◆ **EXERCISE OBJECTIVE**
The whole listing is to be written out again exactly; the pictures are not.

◆ **WORKING DATA**

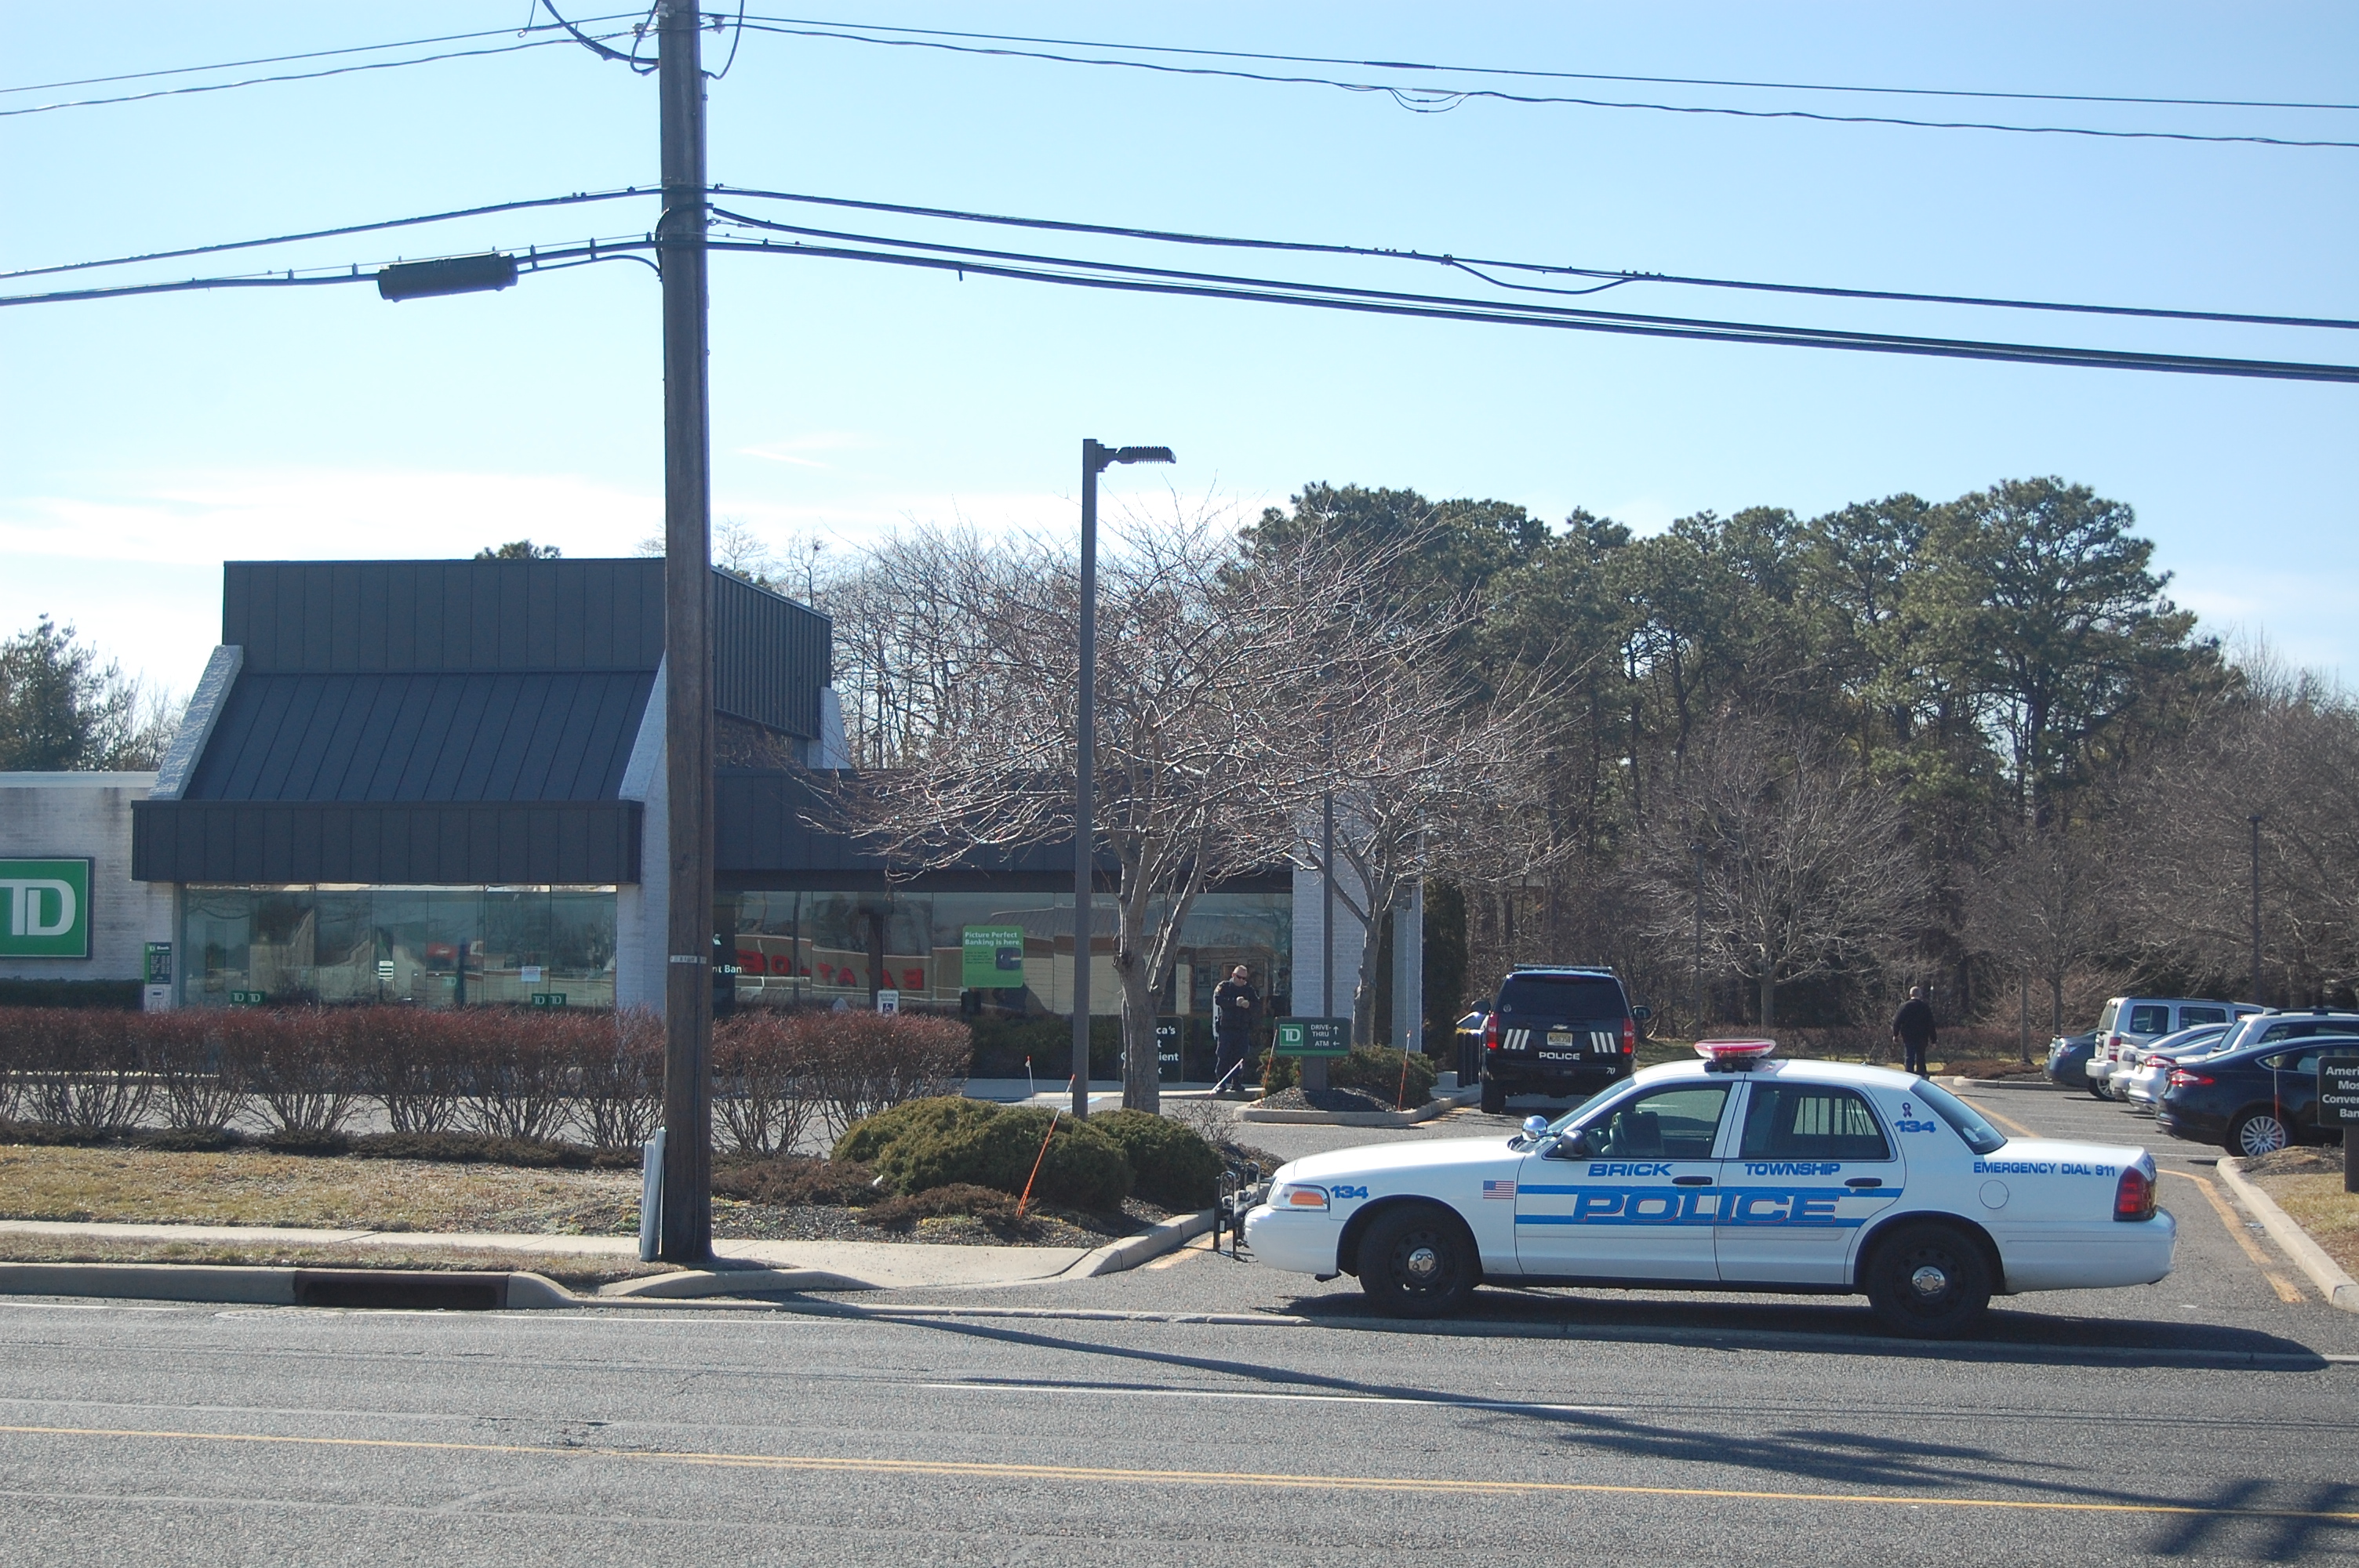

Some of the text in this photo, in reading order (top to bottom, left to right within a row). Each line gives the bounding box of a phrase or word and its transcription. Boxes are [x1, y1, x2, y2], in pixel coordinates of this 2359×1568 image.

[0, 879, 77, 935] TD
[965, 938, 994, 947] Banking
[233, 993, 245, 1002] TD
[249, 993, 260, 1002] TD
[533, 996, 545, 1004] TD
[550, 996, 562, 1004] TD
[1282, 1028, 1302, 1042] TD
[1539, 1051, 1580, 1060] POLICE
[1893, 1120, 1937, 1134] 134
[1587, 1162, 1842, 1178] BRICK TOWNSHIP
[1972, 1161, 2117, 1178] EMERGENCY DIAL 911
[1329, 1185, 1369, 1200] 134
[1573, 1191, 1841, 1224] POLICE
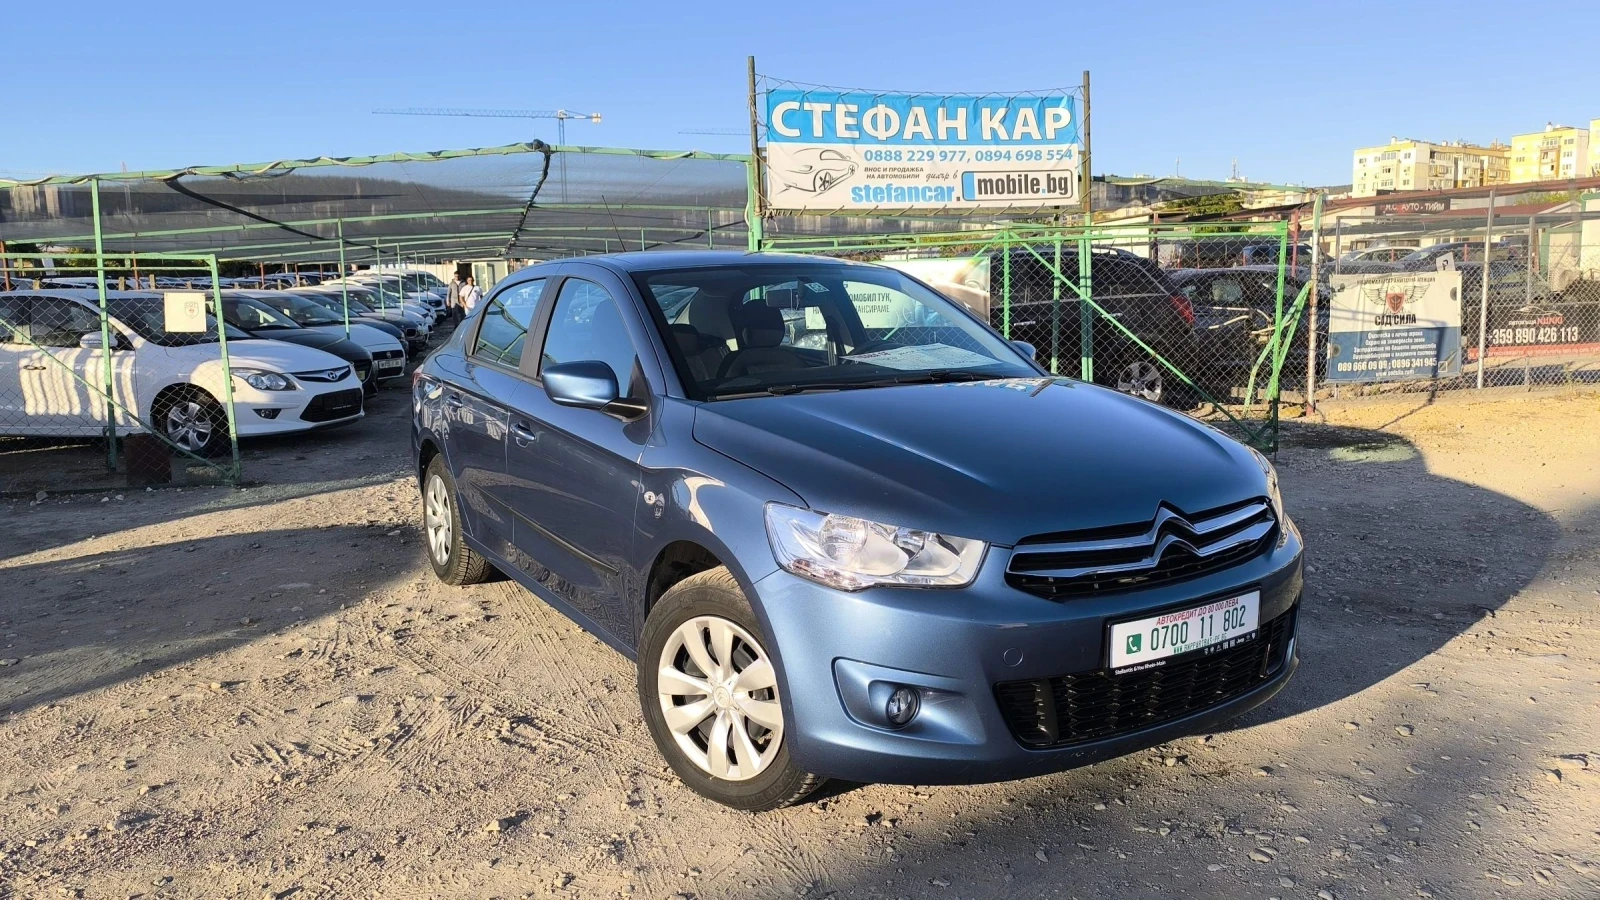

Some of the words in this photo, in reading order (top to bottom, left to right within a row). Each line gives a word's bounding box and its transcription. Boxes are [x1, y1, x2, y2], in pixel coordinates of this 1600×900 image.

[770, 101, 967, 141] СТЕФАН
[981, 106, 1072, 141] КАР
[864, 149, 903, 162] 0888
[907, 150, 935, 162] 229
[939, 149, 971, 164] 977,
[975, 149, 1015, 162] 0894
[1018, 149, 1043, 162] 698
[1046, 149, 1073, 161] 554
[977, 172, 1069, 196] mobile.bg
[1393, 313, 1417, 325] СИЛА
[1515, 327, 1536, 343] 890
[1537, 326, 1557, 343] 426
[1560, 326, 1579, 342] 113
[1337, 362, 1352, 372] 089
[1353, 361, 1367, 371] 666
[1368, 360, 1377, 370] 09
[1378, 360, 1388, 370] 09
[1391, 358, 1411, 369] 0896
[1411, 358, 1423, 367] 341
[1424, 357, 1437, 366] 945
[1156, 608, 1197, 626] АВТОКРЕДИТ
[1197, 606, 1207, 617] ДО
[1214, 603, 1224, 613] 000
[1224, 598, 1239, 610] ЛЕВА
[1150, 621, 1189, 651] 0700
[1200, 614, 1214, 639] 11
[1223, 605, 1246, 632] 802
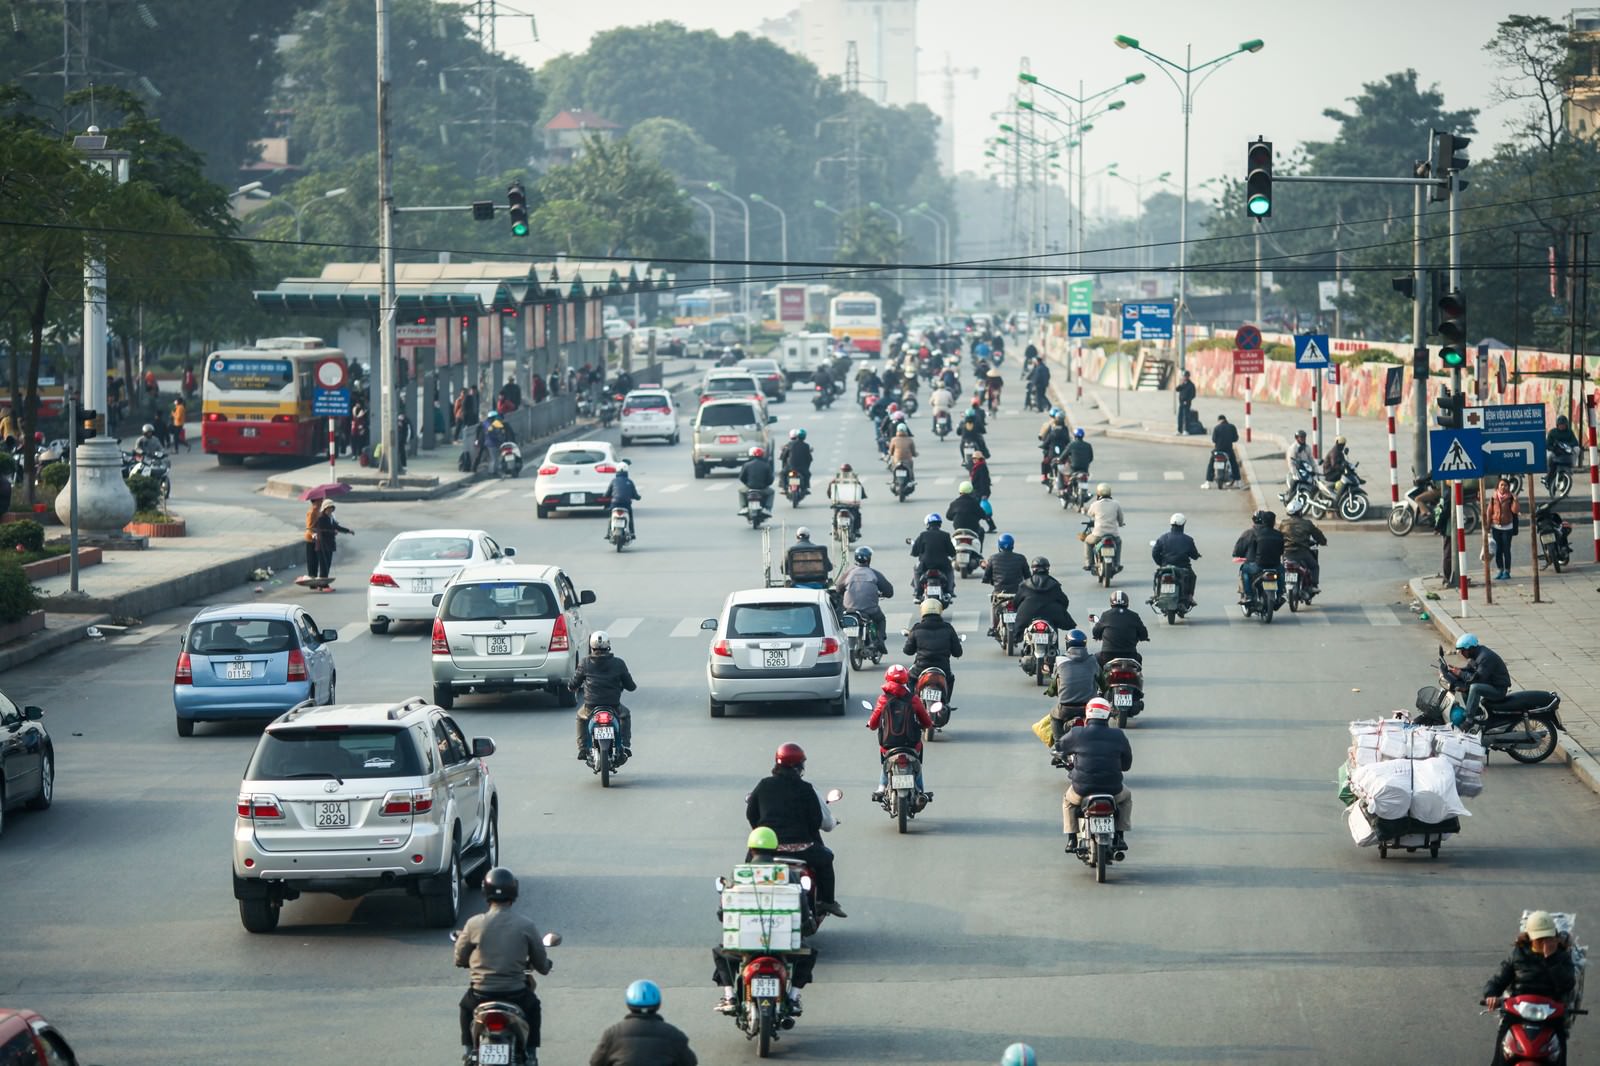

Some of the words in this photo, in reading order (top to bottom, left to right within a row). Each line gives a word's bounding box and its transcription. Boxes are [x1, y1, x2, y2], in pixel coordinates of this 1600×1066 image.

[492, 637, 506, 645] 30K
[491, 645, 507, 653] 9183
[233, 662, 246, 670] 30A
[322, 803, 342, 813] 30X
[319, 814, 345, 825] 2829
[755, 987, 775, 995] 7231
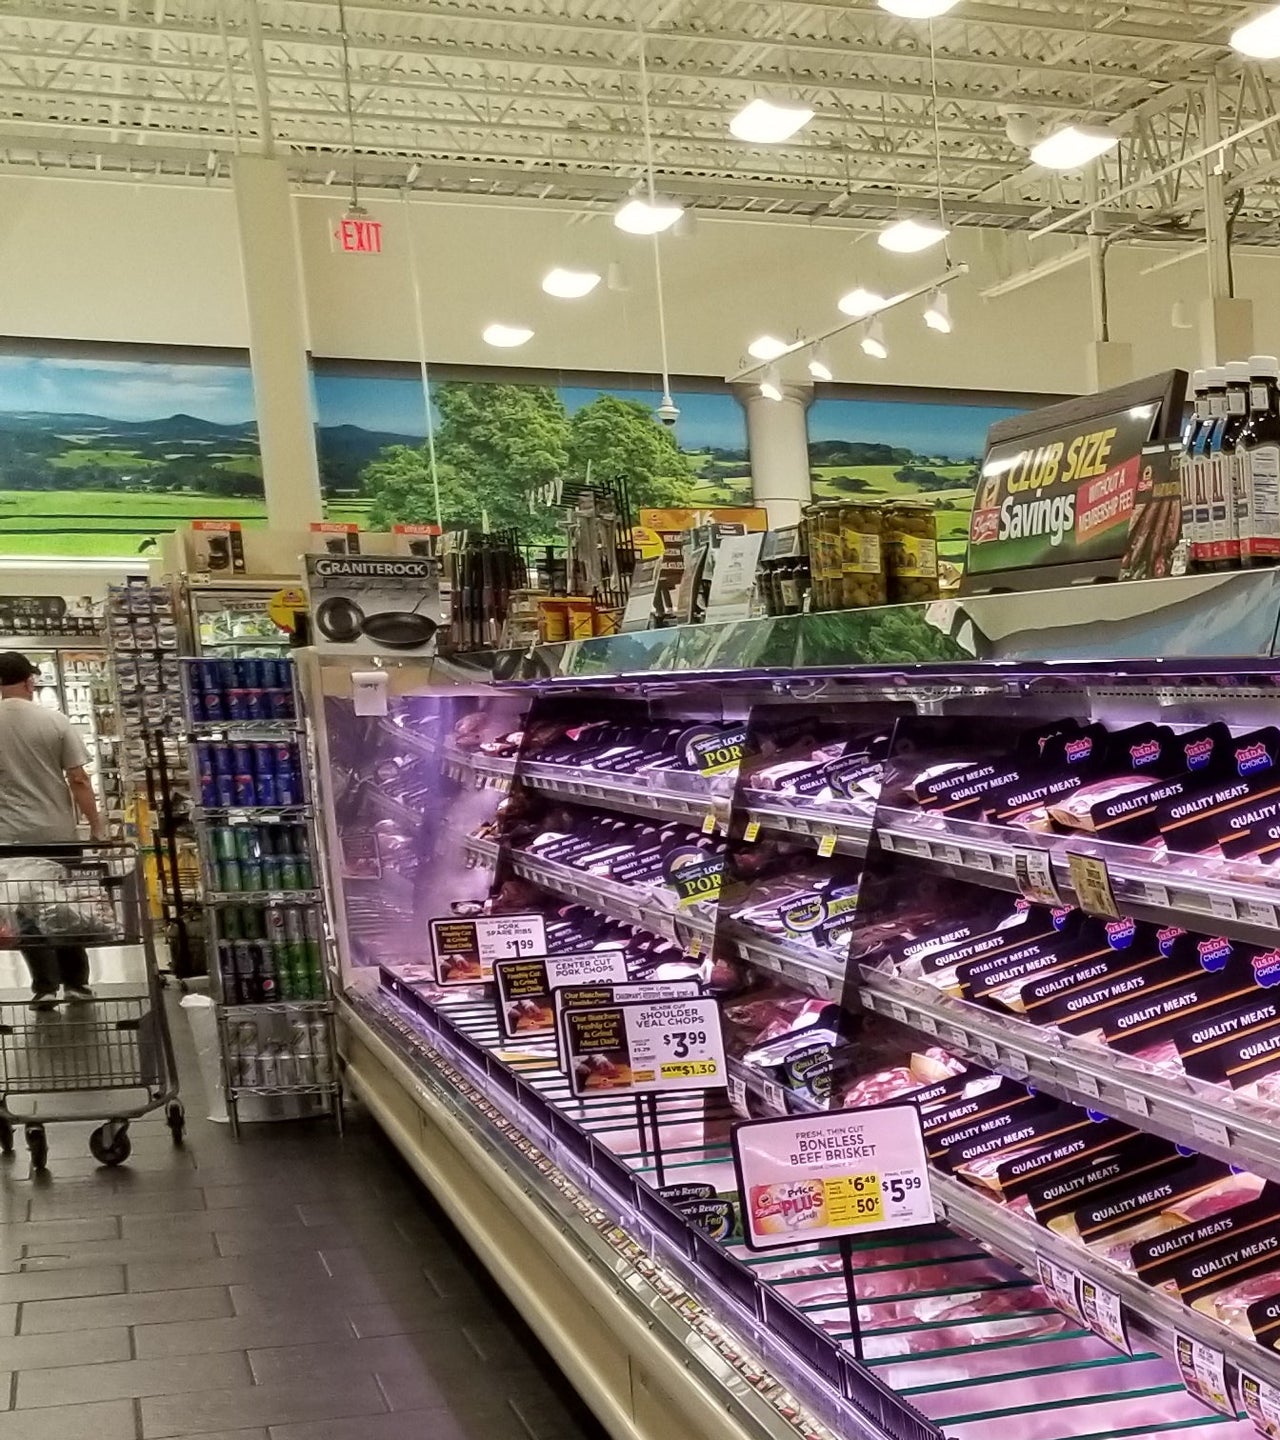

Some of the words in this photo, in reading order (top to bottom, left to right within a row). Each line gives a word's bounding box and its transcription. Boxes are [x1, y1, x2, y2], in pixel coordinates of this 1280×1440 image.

◆ **EXPECTED OUTPUT**
Some of the text in this photo, in reading order (top to bottom, left to right within a row). Each line gives the bounding box of a phrase or word and its transcription. Boxes are [x1, y1, x2, y2], in pixel coordinates of this 2359×1568 image.

[0, 879, 77, 935] TD
[965, 938, 994, 947] Banking
[233, 993, 245, 1002] TD
[249, 993, 260, 1002] TD
[533, 996, 545, 1004] TD
[550, 996, 562, 1004] TD
[1282, 1028, 1302, 1042] TD
[1539, 1051, 1580, 1060] POLICE
[1893, 1120, 1937, 1134] 134
[1587, 1162, 1842, 1178] BRICK TOWNSHIP
[1972, 1161, 2117, 1178] EMERGENCY DIAL 911
[1329, 1185, 1369, 1200] 134
[1573, 1191, 1841, 1224] POLICE

Some of the words in this photo, in reading order (top to bottom, left to right within a row). Each line gives a word's bounding box and its transcription. Boxes are [x1, y1, x2, y2], in pixel coordinates of this 1600×900 image.

[770, 101, 967, 141] СТЕФАН
[981, 106, 1072, 141] КАР
[864, 149, 903, 162] 0888
[907, 150, 935, 162] 229
[939, 149, 971, 164] 977,
[975, 149, 1015, 162] 0894
[1018, 149, 1043, 162] 698
[1046, 149, 1073, 161] 554
[977, 172, 1069, 196] mobile.bg
[1393, 313, 1417, 325] СИЛА
[1515, 327, 1536, 343] 890
[1537, 326, 1557, 343] 426
[1560, 326, 1579, 342] 113
[1337, 362, 1352, 372] 089
[1353, 361, 1367, 371] 666
[1368, 360, 1377, 370] 09
[1378, 360, 1388, 370] 09
[1391, 358, 1411, 369] 0896
[1411, 358, 1423, 367] 341
[1424, 357, 1437, 366] 945
[1156, 608, 1197, 626] АВТОКРЕДИТ
[1197, 606, 1207, 617] ДО
[1214, 603, 1224, 613] 000
[1224, 598, 1239, 610] ЛЕВА
[1150, 621, 1189, 651] 0700
[1200, 614, 1214, 639] 11
[1223, 605, 1246, 632] 802

Some of the words in this photo, in reading order (top to bottom, left to right within a row). Each line gives a word's bounding box and its transcription. Boxes are [x1, y1, x2, y2], in pixel coordinates of this 1600×1066 image.

[492, 637, 506, 645] 30K
[491, 645, 507, 653] 9183
[233, 662, 246, 670] 30A
[322, 803, 342, 813] 30X
[319, 814, 345, 825] 2829
[755, 987, 775, 995] 7231

Some of the words in this photo, in reading order (top to bottom, left to right within a row). Each line gives a word's bounding box and its transcription. Boxes are [x1, y1, x2, y2], in pixel coordinates of this 1280×1440 image.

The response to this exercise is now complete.